Self Portrait, Francis Bacon
Lo más terriblemente ominoso de la depresión es la forma en que nos expone al vacío. Sé que es el tipo de frase que uno esperaría oír de un filósofo. Peor, de un existencialista. Pero es la forma en que me formulo el asunto; lo más insidioso y destructivo de la depresión es que ella hace patente un hueco, la pura y simple nada, carencias: de emociones, de perspectiva, de la pequeña alegría que procuran las cosas. La depresión mina el deseo de vivir y ni siquiera lo hace refutándolo, o carcomiéndolo, caso en el cual le podríamos poner la cara. Lo hace dejando ese deseo vital en el olvido, como si nunca hubiera estado allí, como si las cosas y el mundo siempre hubieran carecido de estructura. La depresión se asemeja mucho al proceso de desvanecimiento de un recuerdo atesorado y por eso las condiciones en las que perdemos la memoria, como el mal de Alzheimer, nos llegan a la par con este mal. La depresión, en poco, es sentir nada y si nos sumerge en el malestar, es sólo porque reaccionamos ante esa anestesia que sentimos (o mejor, ya no sentimos) por el mundo pensando que esa forma de ser ya no se nos parece a nosotros: “Pero si yo no era así, yo sentía intensamente…” La depresión toma la forma de un desconocimiento propio.
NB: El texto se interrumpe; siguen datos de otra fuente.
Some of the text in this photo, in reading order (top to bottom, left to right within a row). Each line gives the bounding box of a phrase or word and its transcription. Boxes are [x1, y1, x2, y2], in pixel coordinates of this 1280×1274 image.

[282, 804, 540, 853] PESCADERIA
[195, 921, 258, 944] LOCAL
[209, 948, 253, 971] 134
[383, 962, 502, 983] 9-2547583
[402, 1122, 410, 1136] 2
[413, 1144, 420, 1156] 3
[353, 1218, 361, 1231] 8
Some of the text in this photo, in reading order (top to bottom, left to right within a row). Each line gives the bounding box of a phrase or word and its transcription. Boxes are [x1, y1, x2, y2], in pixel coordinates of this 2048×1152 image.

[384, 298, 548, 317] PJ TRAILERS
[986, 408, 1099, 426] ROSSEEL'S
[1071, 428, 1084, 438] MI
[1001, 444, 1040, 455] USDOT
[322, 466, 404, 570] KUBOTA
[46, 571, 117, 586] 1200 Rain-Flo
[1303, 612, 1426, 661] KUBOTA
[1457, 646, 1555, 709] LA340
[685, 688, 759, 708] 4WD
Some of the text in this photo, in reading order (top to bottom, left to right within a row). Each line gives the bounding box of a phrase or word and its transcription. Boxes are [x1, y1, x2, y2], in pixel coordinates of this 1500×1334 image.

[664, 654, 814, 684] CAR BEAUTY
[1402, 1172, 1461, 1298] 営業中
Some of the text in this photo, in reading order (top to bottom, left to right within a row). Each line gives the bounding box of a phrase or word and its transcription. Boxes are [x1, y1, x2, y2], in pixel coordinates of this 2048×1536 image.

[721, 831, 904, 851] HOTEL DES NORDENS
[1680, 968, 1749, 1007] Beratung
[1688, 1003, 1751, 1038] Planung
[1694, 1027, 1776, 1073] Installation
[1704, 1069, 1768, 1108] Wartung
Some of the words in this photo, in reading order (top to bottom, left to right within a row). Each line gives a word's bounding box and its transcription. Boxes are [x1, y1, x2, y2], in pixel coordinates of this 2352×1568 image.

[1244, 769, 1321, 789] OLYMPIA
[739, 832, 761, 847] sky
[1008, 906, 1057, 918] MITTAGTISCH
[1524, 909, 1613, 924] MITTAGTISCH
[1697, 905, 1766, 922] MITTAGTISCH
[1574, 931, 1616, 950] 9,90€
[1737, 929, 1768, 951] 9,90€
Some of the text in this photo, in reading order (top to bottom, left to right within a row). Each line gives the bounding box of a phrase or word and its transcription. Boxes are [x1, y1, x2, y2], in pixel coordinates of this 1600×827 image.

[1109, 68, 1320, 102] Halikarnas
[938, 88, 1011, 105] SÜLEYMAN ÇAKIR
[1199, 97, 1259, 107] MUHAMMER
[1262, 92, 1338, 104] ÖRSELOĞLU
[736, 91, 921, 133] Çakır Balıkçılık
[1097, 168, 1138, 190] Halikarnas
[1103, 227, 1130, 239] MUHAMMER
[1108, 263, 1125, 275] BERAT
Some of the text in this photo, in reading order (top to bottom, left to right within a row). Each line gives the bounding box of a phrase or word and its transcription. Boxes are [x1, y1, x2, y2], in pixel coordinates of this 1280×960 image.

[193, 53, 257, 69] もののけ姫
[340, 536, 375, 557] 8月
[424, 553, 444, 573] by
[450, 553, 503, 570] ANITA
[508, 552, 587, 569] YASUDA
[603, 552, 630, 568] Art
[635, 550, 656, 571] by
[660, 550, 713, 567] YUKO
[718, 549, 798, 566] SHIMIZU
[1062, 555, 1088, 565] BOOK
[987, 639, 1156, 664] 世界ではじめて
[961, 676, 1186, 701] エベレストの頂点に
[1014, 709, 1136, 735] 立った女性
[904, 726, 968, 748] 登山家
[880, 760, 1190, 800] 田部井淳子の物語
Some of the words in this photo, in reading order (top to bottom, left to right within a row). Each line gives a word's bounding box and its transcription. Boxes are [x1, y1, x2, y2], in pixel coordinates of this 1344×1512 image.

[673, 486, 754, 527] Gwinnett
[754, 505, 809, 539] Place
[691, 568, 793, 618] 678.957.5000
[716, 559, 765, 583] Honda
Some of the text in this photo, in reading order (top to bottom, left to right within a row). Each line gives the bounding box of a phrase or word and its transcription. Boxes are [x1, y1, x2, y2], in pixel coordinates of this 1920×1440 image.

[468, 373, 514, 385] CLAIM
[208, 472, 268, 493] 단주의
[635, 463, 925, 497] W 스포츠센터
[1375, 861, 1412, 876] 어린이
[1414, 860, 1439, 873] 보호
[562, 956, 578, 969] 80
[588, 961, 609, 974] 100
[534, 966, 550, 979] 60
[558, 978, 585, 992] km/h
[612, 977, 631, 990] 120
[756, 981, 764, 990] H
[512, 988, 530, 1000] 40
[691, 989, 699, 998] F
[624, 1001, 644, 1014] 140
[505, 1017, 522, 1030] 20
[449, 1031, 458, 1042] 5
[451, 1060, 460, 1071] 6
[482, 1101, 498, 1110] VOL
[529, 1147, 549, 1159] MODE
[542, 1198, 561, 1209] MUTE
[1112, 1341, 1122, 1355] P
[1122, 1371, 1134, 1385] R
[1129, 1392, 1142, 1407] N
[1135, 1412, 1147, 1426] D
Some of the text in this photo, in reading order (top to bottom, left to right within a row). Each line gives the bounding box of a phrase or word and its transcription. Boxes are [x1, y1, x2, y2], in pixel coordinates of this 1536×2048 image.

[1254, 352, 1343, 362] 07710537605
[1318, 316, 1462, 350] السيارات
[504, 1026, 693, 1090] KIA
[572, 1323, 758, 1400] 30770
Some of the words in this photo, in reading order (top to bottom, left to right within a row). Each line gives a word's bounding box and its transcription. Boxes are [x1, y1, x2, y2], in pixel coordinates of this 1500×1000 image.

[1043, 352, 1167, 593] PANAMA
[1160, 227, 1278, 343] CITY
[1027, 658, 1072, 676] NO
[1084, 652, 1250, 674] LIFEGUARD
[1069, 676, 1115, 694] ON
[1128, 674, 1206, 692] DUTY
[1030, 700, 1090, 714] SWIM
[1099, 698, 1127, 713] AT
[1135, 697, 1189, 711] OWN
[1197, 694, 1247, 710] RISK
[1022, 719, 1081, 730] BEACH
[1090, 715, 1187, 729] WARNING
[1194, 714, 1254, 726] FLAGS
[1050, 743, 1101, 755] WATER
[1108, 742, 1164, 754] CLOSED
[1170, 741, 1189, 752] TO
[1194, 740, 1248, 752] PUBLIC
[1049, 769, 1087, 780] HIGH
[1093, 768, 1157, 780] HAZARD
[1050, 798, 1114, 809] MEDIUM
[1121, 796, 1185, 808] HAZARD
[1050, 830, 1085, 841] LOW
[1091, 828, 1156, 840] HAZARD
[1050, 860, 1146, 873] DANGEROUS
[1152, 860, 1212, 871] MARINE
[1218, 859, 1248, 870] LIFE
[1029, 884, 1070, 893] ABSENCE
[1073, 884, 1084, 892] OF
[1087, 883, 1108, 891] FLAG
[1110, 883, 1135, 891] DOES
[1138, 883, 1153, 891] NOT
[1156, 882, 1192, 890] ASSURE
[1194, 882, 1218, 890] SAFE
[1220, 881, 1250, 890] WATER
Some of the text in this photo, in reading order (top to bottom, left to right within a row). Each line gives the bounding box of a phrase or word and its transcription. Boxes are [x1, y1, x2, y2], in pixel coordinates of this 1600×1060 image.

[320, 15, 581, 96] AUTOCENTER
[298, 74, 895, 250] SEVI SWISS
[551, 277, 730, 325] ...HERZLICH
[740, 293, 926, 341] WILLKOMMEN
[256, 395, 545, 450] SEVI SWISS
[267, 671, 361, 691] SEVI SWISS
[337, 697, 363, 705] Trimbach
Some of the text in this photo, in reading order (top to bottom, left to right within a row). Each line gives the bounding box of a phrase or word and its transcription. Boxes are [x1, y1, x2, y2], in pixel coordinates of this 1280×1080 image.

Ha de ser una psicología muy errada la que expongo, pero la depresión no se me parece a la tristeza. Yo no las siento igual. Tristeza es lo que vende el cine a través de la muerte o la despedida de un amante o de un niño, la separación de una familia y su esencia casi siempre reside en esa partida o en sus consecuencias, por lo general previsibles, aunque a veces inevitables; la vida solitaria, el abandono, el tiempo, la distancia. Lo que distingue la tristeza de la depresión es que en la tristeza hay vida. El hecho de que nos duela una ruptura es un indicador absurdo y lacónico, pero infalible, de que sentimos, de que no estamos anestesiados ante el mundo. La depresión, en cambio se asemeja a una infección viral, en la cual nos va carcomiendo un agente que ni siquiera está vivo, como los virus no lo están. Woody Allen en sus memorias lo resumía magistralmente cuando decía que en el barrio en el que creció había pocos suicidios; la gente simplemente andaba demasiado triste. Y puede ser en algunos casos incluso un sentimiento que queremos despertar, como la buscada nostalgia de los tangos o de los boleros. No hace mucho un amigo me invitó al festival de poesía en Medellín. Como tantas cosas que solemos decir bromeando en serio, me recalcó que parte de la gracia –así dijo, “la gracia de la cosa”- era ‘llorar bien bueno’. Renuncié a ese placer. Pero los poetas invitados eran africanos y aún me pregunto si mi bucólico invitante habrá logrado salir con los ojos aguados bien sabroso a punta de versos en suajili. Como haya sido, en la tristeza hay oportunidad.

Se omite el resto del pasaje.